[Dataset excerpts]
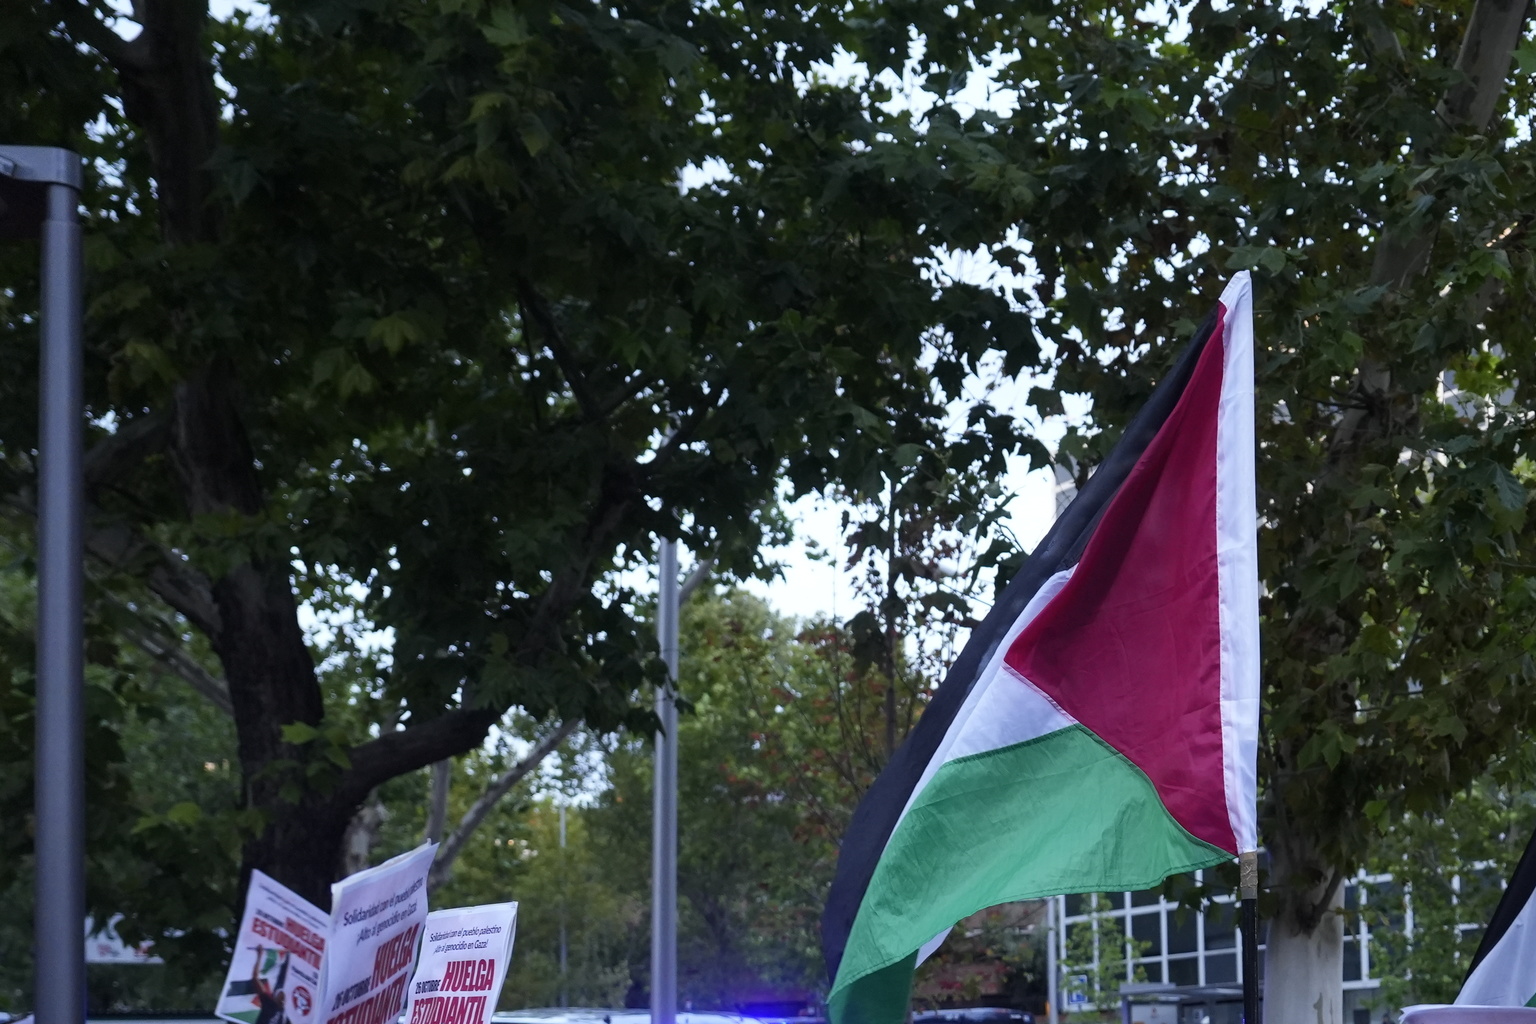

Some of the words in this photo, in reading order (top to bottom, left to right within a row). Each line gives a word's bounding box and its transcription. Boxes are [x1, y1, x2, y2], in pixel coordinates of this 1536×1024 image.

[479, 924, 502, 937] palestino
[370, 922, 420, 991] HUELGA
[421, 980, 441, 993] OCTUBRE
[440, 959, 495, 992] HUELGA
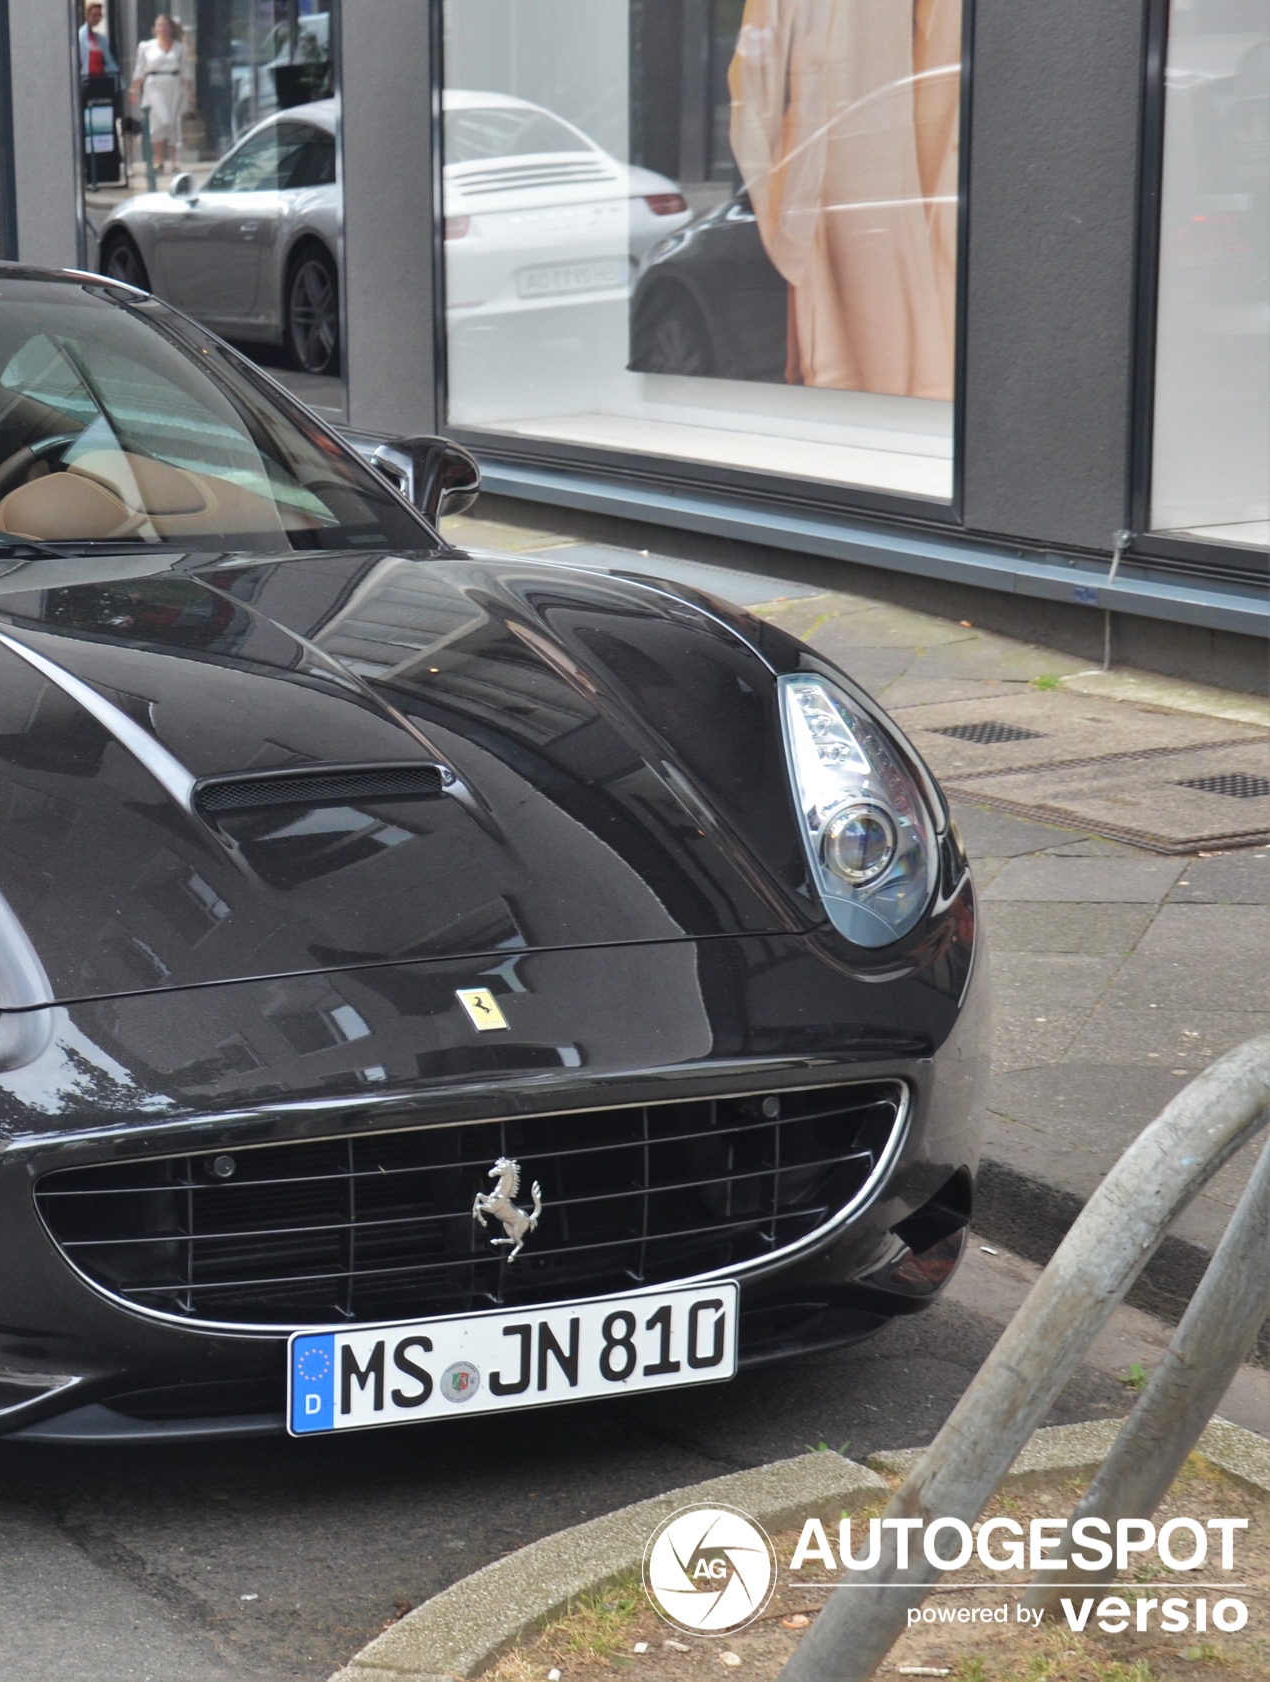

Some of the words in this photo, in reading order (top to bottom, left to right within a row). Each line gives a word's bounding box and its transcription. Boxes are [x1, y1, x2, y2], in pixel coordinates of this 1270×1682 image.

What needs to be done:
With the pictures excluded, the records are to be reproduced exactly.

Task answer:
Some of the words in this photo, in reading order (top to bottom, left to right within a row). Each line gives a word's bounding box and its transcription. Boxes are [x1, y1, x2, y2], in pixel coordinates of this 1536×1024 image.

[479, 924, 502, 937] palestino
[370, 922, 420, 991] HUELGA
[421, 980, 441, 993] OCTUBRE
[440, 959, 495, 992] HUELGA

Some of the words in this photo, in reading order (top to bottom, left to right within a row). Each line gives a word's bounding box and its transcription. Boxes are [x1, y1, x2, y2], in pixel coordinates of this 1270×1682 image.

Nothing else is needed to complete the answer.